In this week's Idea Surplus Disorder, we'll talk about the limits of our tools, the limits of our attention, and the quiet cost of outsourcing our thinking – and begin with a finding that reframes what AI can and can't actually do for us right now.
From there, we examine why showing more proof might earn you less trust, how our reliance on technology erodes our judgment in ways we rarely notice, and why three or four hours of real focus might be all any of us actually have in a day.
As always, I'm Matt Homann, and I'm glad you're here!
My Favorite Find:
I read hundreds of blogs and dozens of newsletters every week, and I always find more ideas than I can share. Today's favorite find is about an under-discussed limitation of our current versions of AI: as of now, they can't keep learning:
Despite our expectations, current LLMs do not learn from each other, nor do they learn when you correct them again and again. They currently do not have a robust way to remember their mistakes or corrections, nor to get smarter more than once a year when they are retrained from 4.0 to 5.0.
Every time you correct ChatGPT’s mistake, it forgets by the next conversation. Every time a robot fails at a task, it will fail the exact same way tomorrow.
This is why AIs can’t hold a real job in 2026. At this moment we lack the software genius to install continuous learning (at scale) to the machines.
A Few More Things Worth Your Time:
Burning the midnight oil? You can only seriously focus on work for just 3-4 hours at a time.
There aren't many hard-and-fast rules of time management that apply to everyone, always, regardless of situation or personality. But I think there might be one: you almost certainly can't consistently do the kind of work that demands serious mental focus for more than about three or four hours a day.

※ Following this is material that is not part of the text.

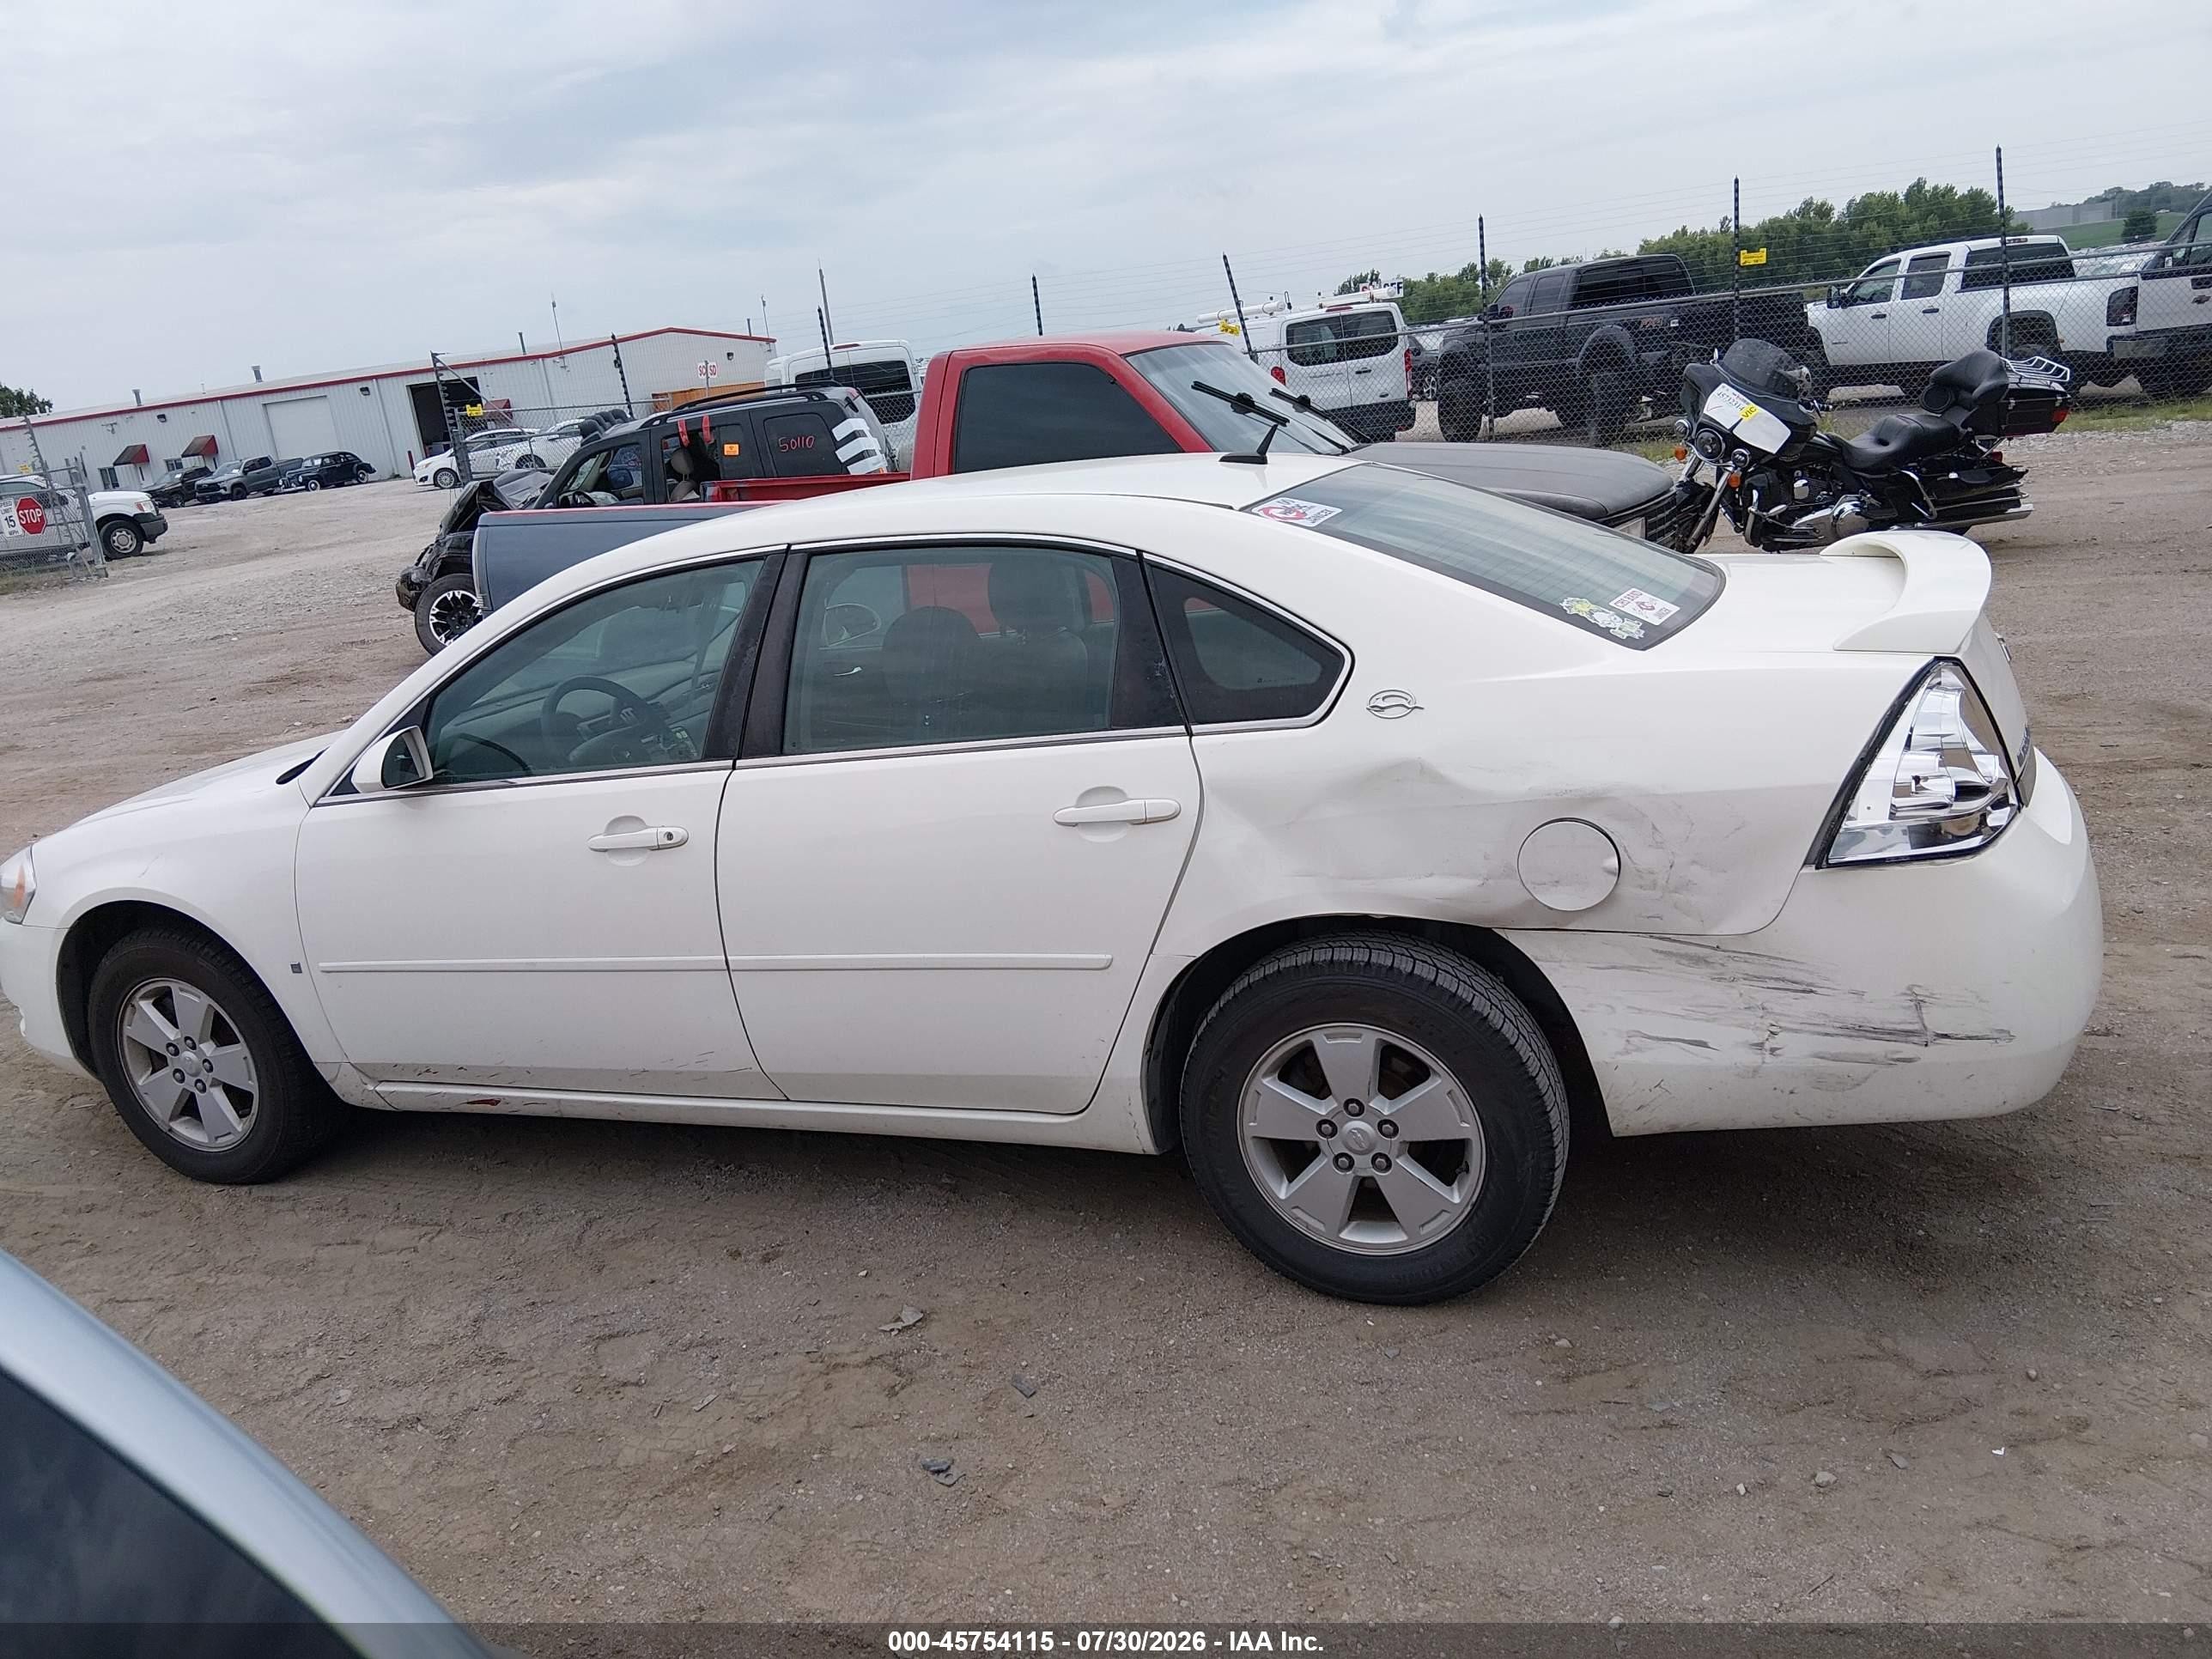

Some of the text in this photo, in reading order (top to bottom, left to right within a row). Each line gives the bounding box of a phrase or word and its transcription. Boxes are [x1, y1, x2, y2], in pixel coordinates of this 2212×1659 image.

[1741, 406, 1757, 418] VIC
[778, 435, 815, 453] 50110
[4, 515, 16, 529] 15
[18, 508, 42, 525] STOP

Yes, it's true we live in a system that demands too much of us, leaves no time for rest, and makes many feel as though their survival depends on working impossible hours. But it's also true that we're increasingly the kind of people who don't want to rest – who get antsy and anxious if we don't feel we're being productive.
The usual result is that we push ourselves beyond the sane limits of daily activity, when doing less would have been more productive in the long run.

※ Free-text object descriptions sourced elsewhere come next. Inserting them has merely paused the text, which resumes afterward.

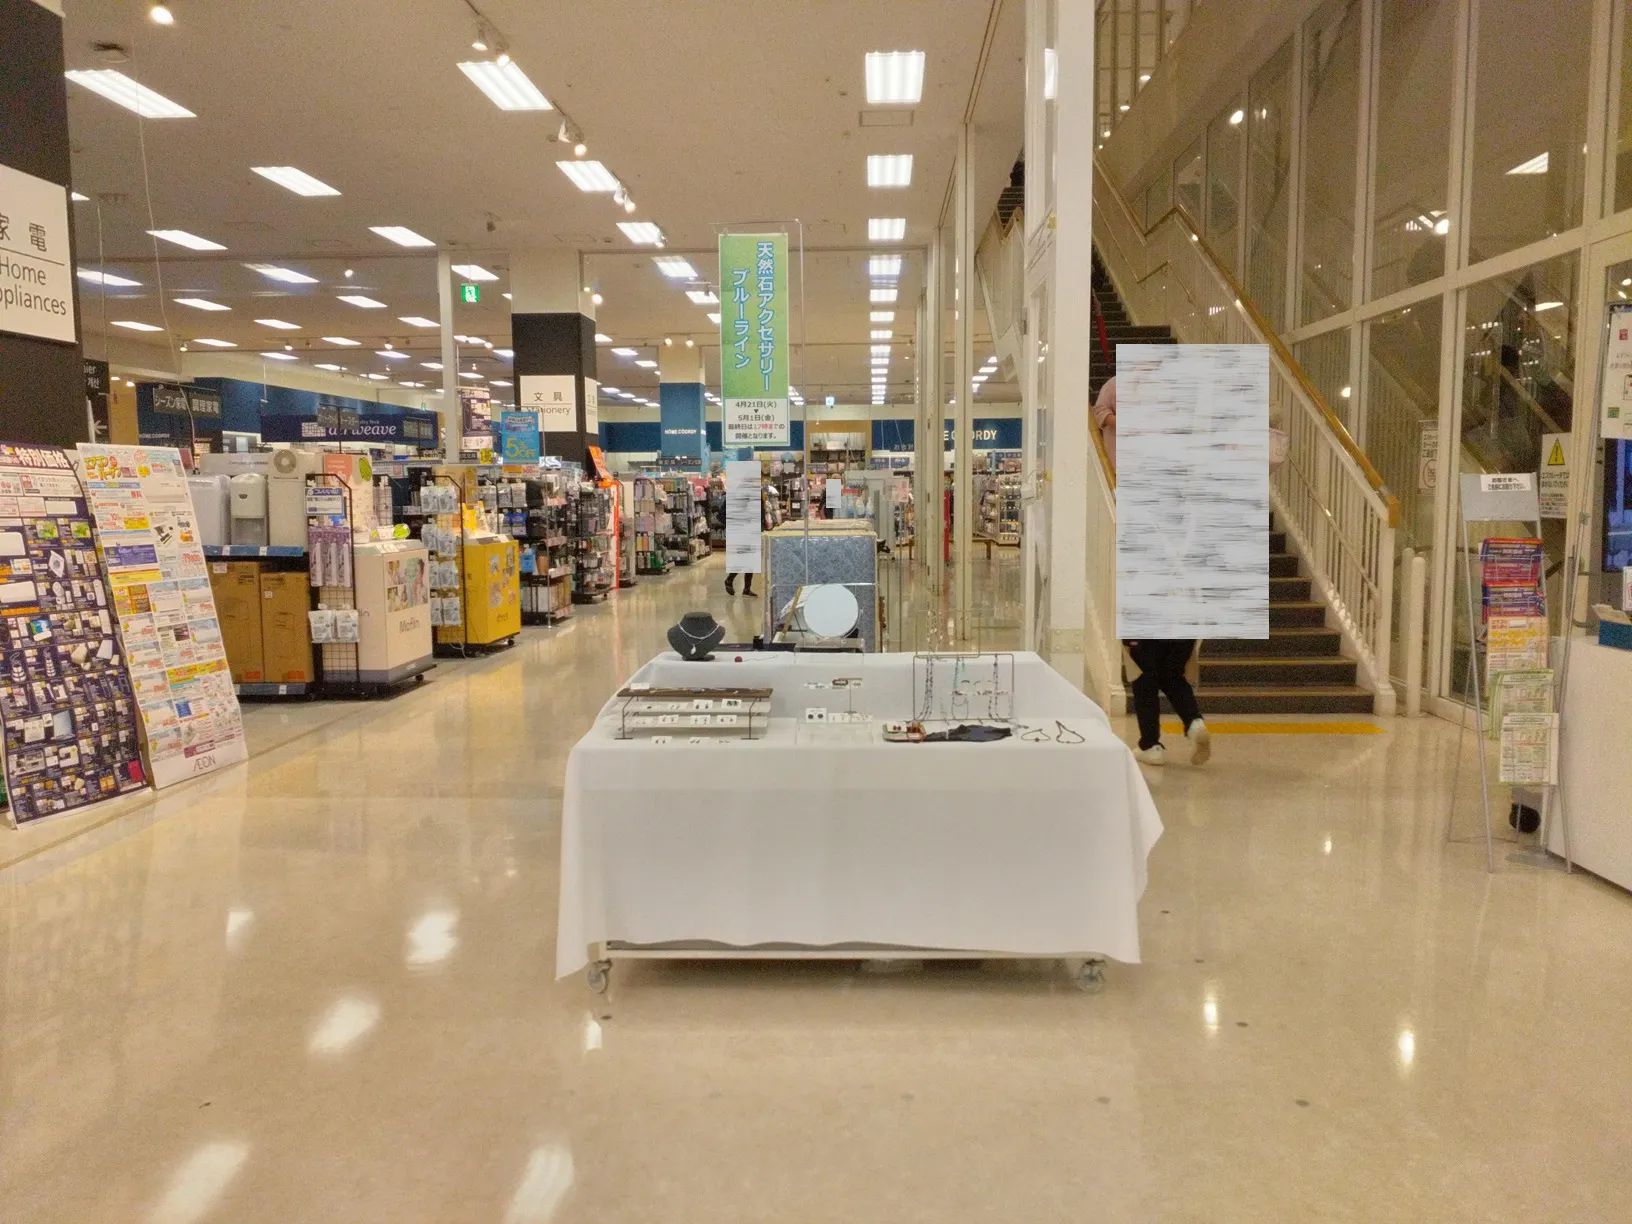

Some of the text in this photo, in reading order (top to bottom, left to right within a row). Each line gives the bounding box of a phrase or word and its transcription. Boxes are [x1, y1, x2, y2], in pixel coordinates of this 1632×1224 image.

[0, 256, 46, 286] Home
[0, 284, 67, 316] pliances
[732, 269, 750, 369] ブルーライン
[757, 241, 775, 391] 天然石アクセサリー
[534, 391, 563, 401] 文具
[735, 401, 777, 409] 4月21日(火)
[527, 405, 571, 415] Stationery
[328, 425, 397, 436] aweave

Does technology trick us into thinking we're adding more "value" when we're actually degrading trust?
Technology has made it easier to pad what we present. more slides, data and "proof." But proof and trust are inversely correlated in creative work. The more you have to prove, the less they trust you. The less they trust you, the more you have to prove.

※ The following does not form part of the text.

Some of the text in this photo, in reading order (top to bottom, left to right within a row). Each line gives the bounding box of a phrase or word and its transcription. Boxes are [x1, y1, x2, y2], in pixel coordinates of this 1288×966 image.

And speaking of technology, in what ways are we escalating our reliance on the tools we use?
| Cognitive Offloading | You delegate mental tasks to tools | Active choice |
| Cognitive Debt | You skip thinking for speed | Pressured trade-off |
| Cognitive Atrophy | Your reasoning weakens from disuse | Passive decline |
| Cognitive Drift | Higher-order thinking erodes imperceptibly | Unnoticed |
| Cognitive Surrender | You stop maintaining independent judgment | Capitulation |
Want to think about the future differently? Jane McConigal suggests we play the game One Hundred Ways Anything Can Be Different in the Future:
Here’s how it works: First, you pick a topic, like work, or food, or learning. Then you list one hundred things that are true about it today. The simpler or more obvious the fact, the better.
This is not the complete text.